During August several organizational changes occurred. On August 19, 2009, Mr Aidan Hwuang joined as a director of the company. On August 24, 2009 Alexander Deshin resigned as a director and the CEO and CFO of the company. On August 26, 2009 Mr. Xinan Zeng was appointed a director and the CEO and CFO of the Company.
2. SUMMARY OF SIGNIFICANT ACCOUNTING POLICIES
a)Basis of Presentation
The financial statements of the Company have been prepared in accordance with generally accepted accounting principles in the United States of America and are presented in US dollars.
b) Going Concern
The financial statements have been prepared on a going concern basis which assumes the Company will be able to realize its assets and discharge its liabilities in the normal course of business for the foreseeable future. The Company has incurred losses since inception resulting in an accumulated deficit of $50,443as of October 31, 2009 and further losses are anticipated in the development of its business raising substantial doubt about the Companys ability to continue as a going concern. The ability to continue as a going concern is dependent upon the Company generating profitable operations in the future and/or to obtain the necessary financing to meet its obligations and repay its liabilities arising from normal business operations when they come due. Management intends to finance operating costs over the next twelve months with existing cash on hand and loans from directors and or private placement of common stock.

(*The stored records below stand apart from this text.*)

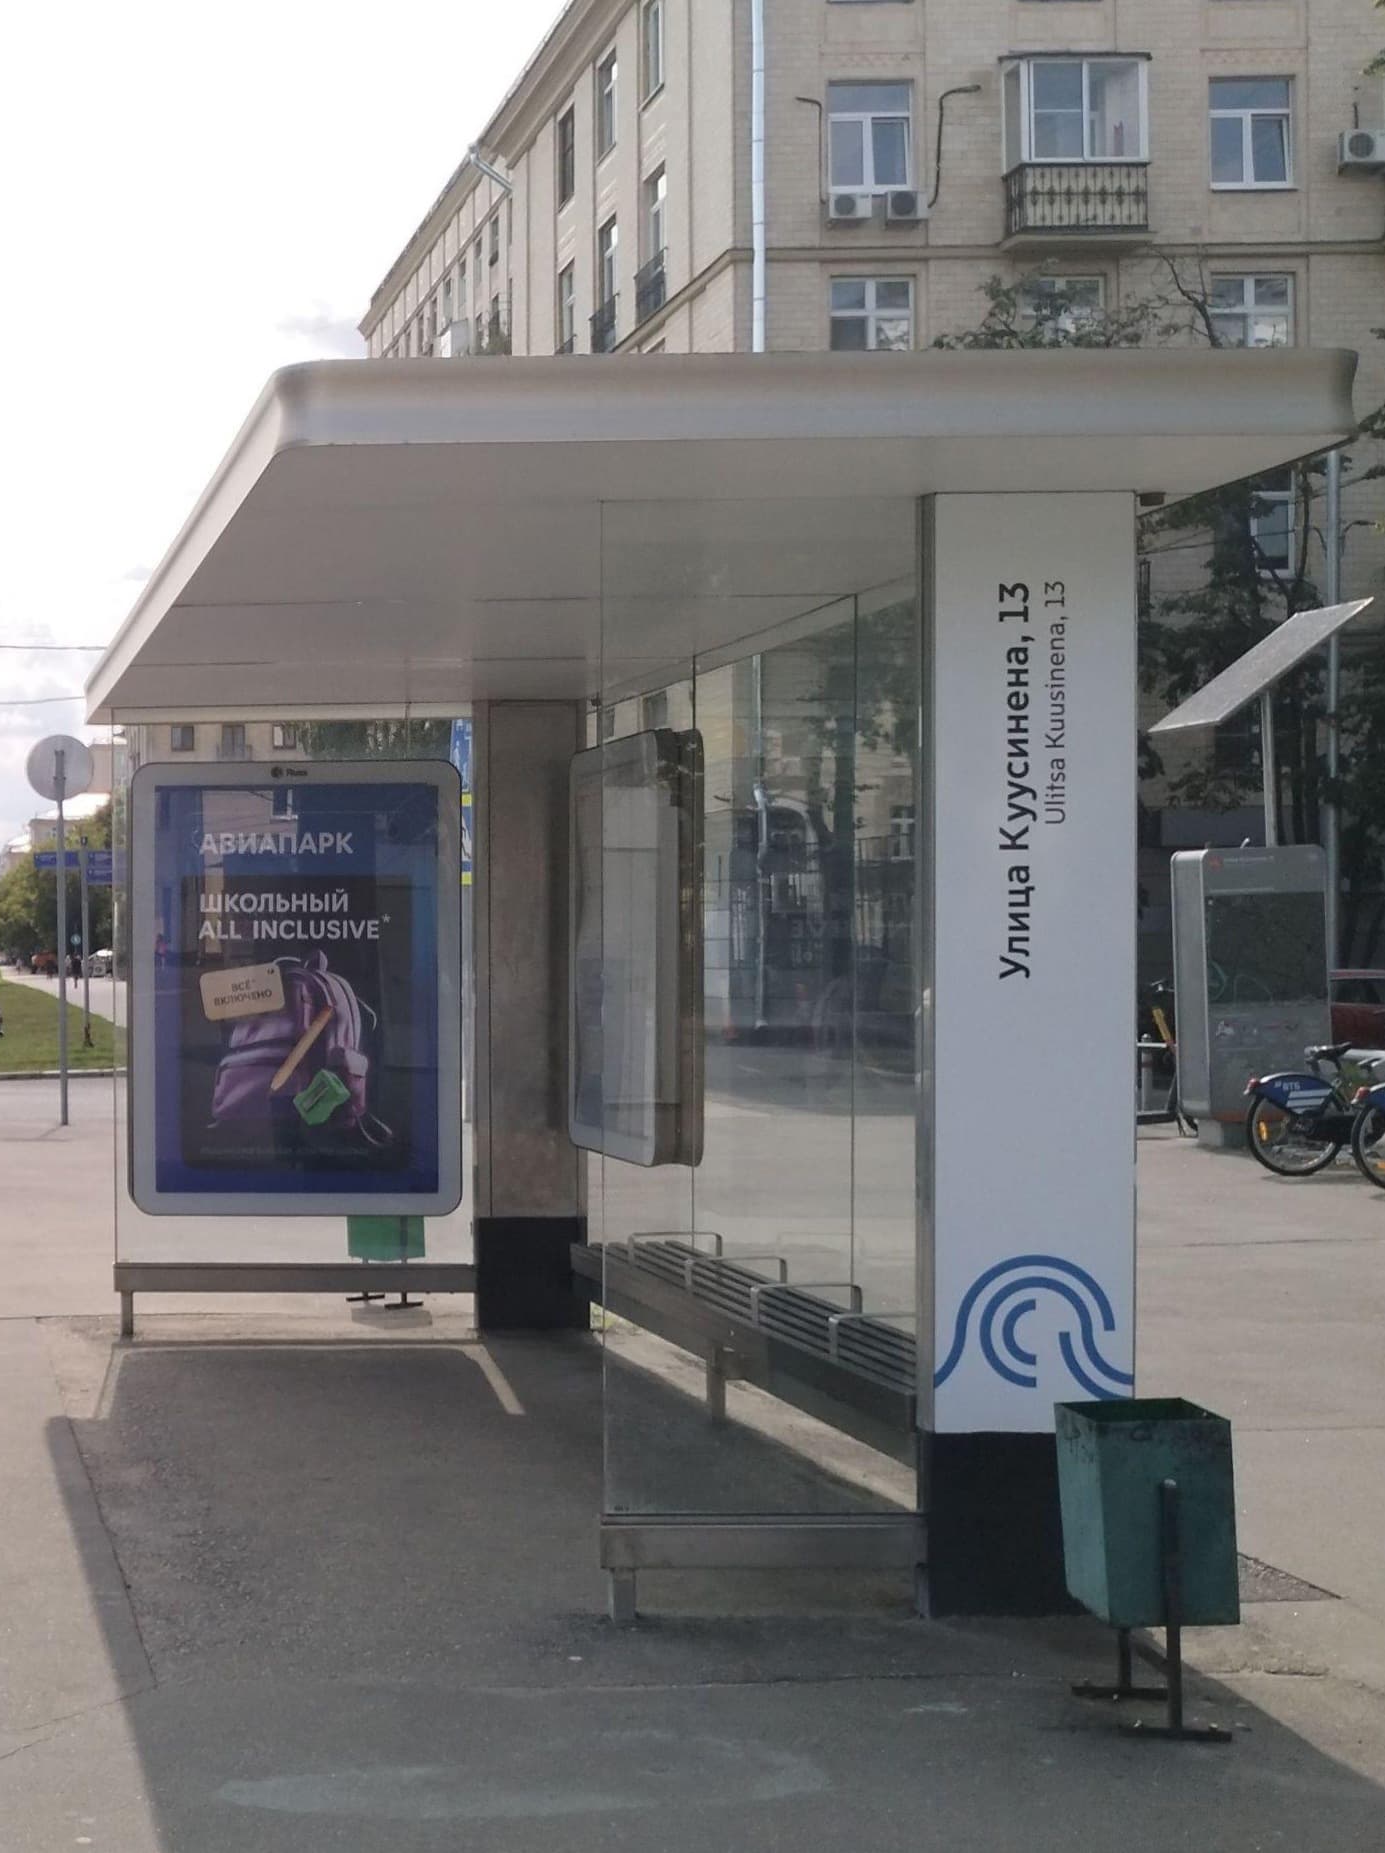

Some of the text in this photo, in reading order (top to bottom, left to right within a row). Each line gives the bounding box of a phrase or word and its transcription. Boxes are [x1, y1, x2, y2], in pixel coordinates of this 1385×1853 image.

[1043, 580, 1070, 825] Ulitsa Kuusinena, 13
[997, 581, 1040, 980] Улица Куусинена, 13
[198, 832, 354, 855] АВИАПАРК
[199, 888, 349, 913] ШКОЛЬНЫЙ
[198, 920, 242, 940] ALL
[213, 988, 273, 1007] ВКЛЮЧЕНО
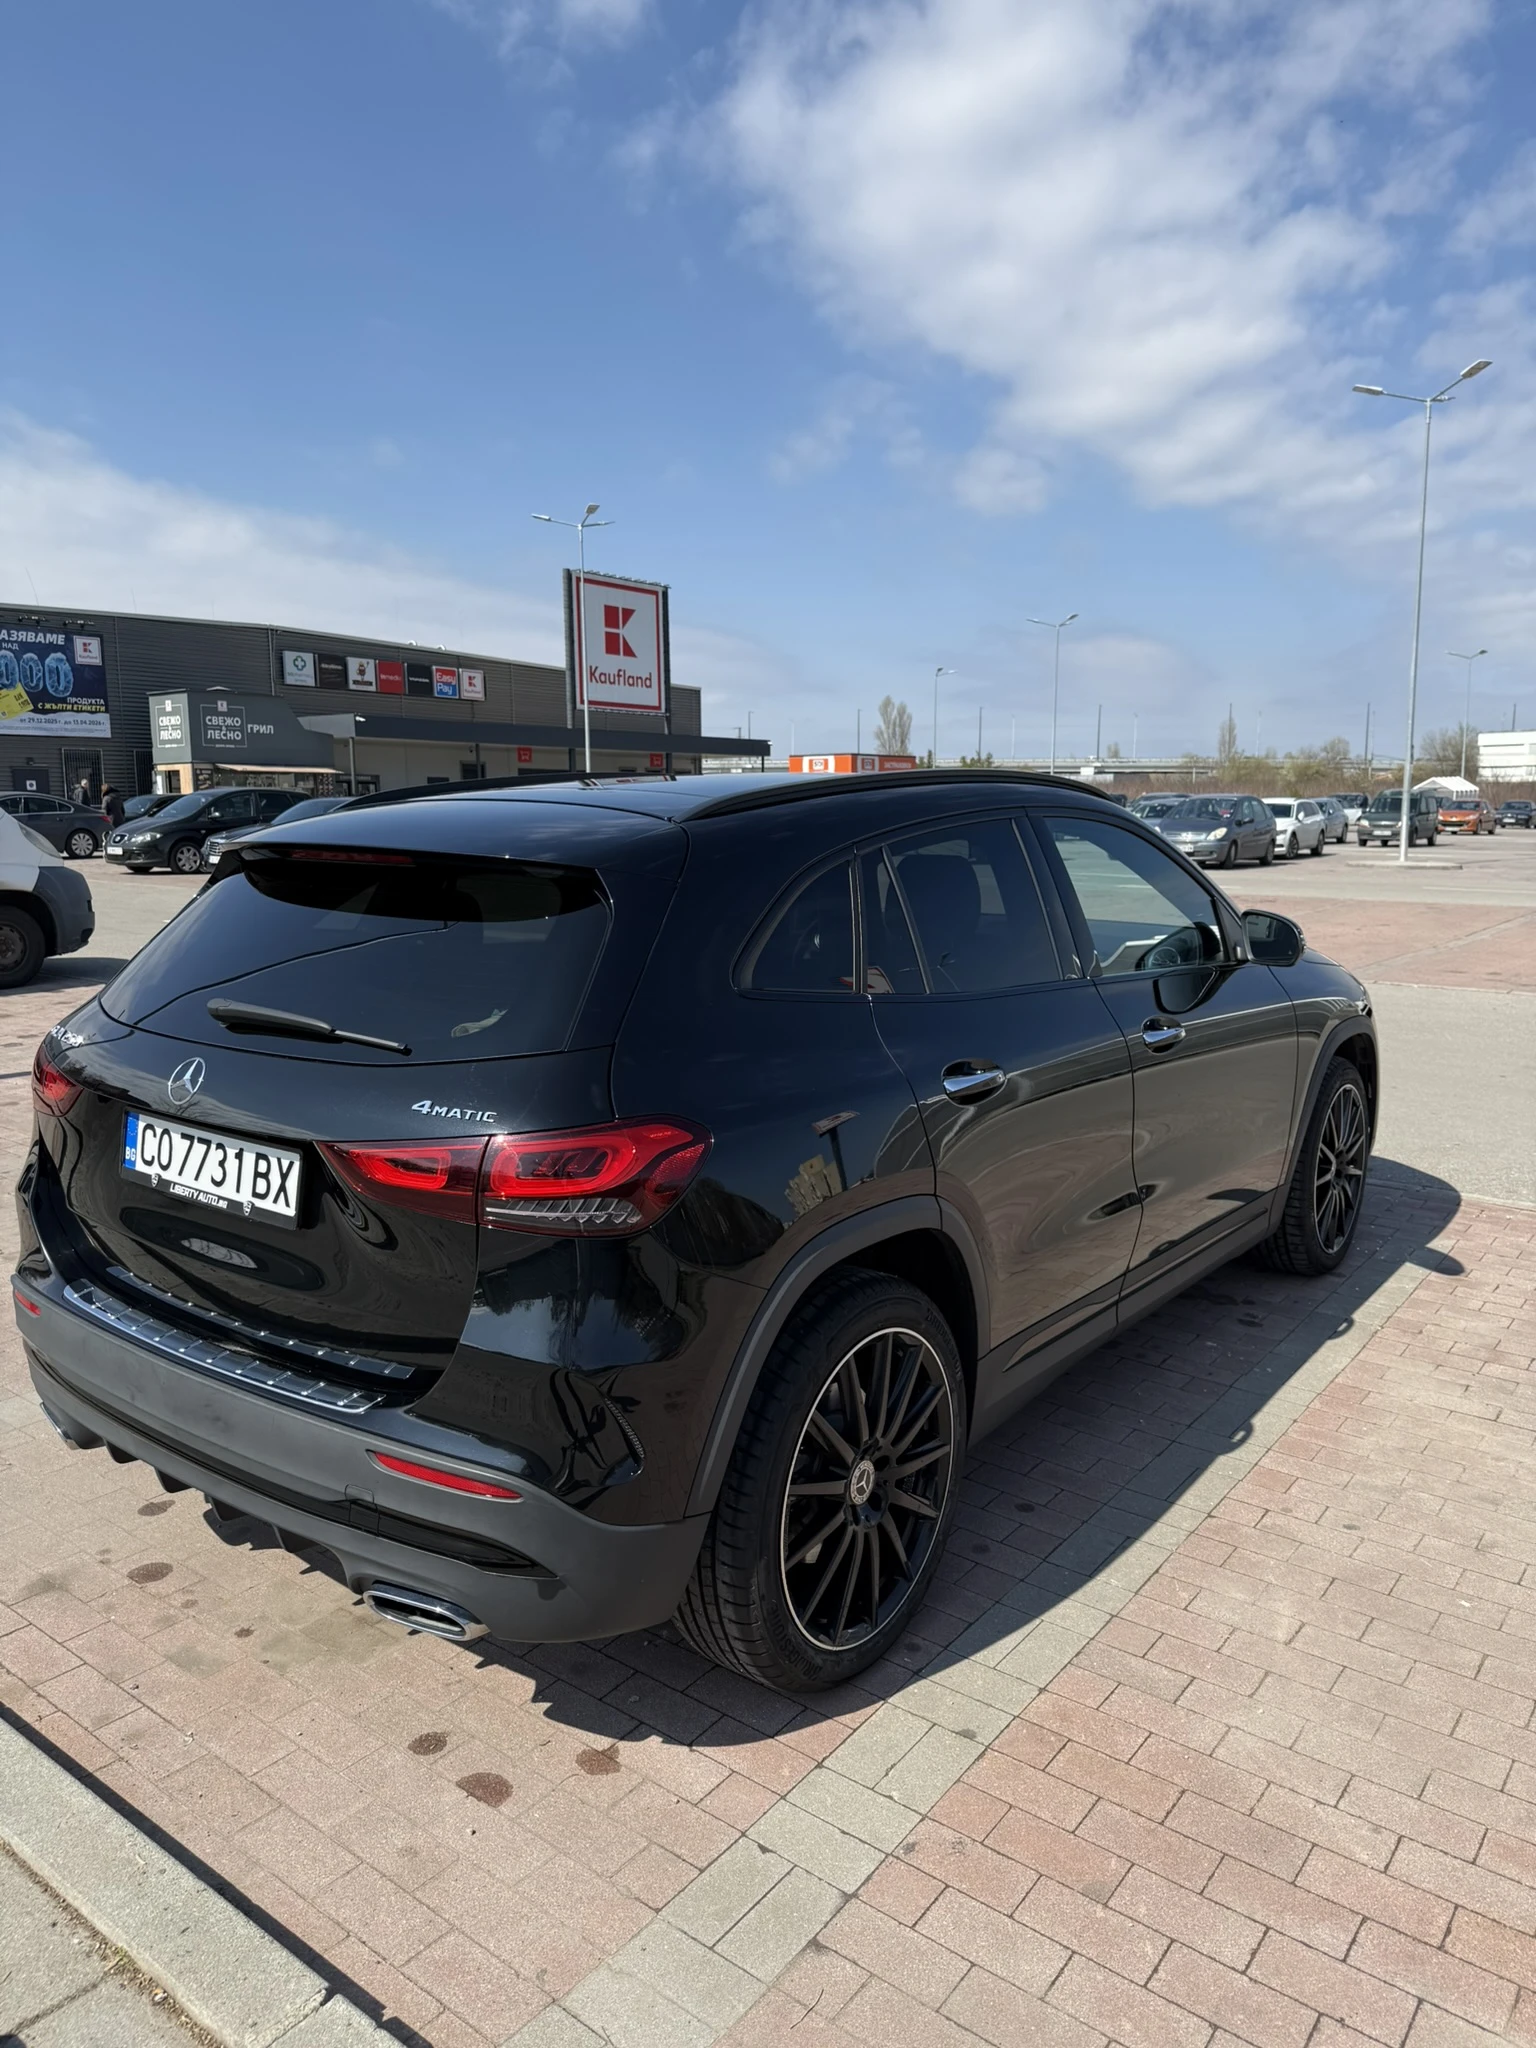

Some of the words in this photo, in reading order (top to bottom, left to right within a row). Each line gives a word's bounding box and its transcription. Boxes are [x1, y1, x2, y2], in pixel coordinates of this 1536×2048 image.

[2, 642, 20, 650] НАД
[436, 672, 456, 685] Easy
[589, 665, 652, 689] Kaufland
[437, 683, 453, 695] Pay
[67, 697, 105, 705] ПРОДУКТА
[73, 704, 105, 712] ЕТИКЕТИ
[159, 715, 181, 726] СВЕЖО
[205, 715, 241, 726] СВЕЖО
[247, 724, 274, 734] ГРИЛ
[160, 730, 182, 740] ЛЕСНО
[207, 730, 242, 740] ЛЕСНО
[411, 1099, 497, 1122] 4MATIC
[125, 1147, 136, 1161] BG
[170, 1182, 200, 1200] LIBERTY

c) Cash and Cash Equivalents
The Company considers all highly liquid instruments with a maturity of three months or less at the time of issuance to be cash equivalents.
d) Use of Estimates and Assumptions
The preparation of financial statements in conformity with accounting principles generally accepted in the United States requires management to make estimates and assumptions that affect the reported amounts of assets and liabilities and disclosure of contingent assets and liabilities at the date of the financial statements and the reported amounts of revenues and expenses during the reporting period. Actual results could differ from those estimates.
8
BAKHU HOLDINGS CORP |
(A Development Stage Company) |
Notes To The Financial Statements |
October 31, 2009 |
2. SUMMARY OF SIGNIFICANT ACCOUNTING POLICIES (Continued)
e) Foreign Currency Translation
The Company's functional currency and its reporting currency is the United States dollar.
f) Financial Instruments
The carrying value of the Company's financial instruments approximates their fair value because of the short maturity of these instruments.
g) Stock-based Compensation
Stock-based compensation is accounted for at fair value in accordance with SFAS No. 123 (R). To date, the Company has not adopted a stock option plan and has not granted any stock options.
h) Income Taxes
Income taxes are accounted for under the assets and liability method. Deferred tax assets and liabilities are recognized for the estimated future tax consequences attributable to differences between the financial statement carrying amounts of existing assets and liabilities and their respective tax bases and operating loss and tax credit carry forwards. Deferred tax assets and liabilities are measured using enacted tax rates in effect for the year in which those temporary differences are expected to be recovered or settled.
i) Basic and Diluted Net Loss per Share
The Company computes net loss per share in accordance with SFAS No. 128,"Earnings per Share". SFAS No. 128 requires presentation of both basic and diluted earnings per share (EPS) on the face of the income statement.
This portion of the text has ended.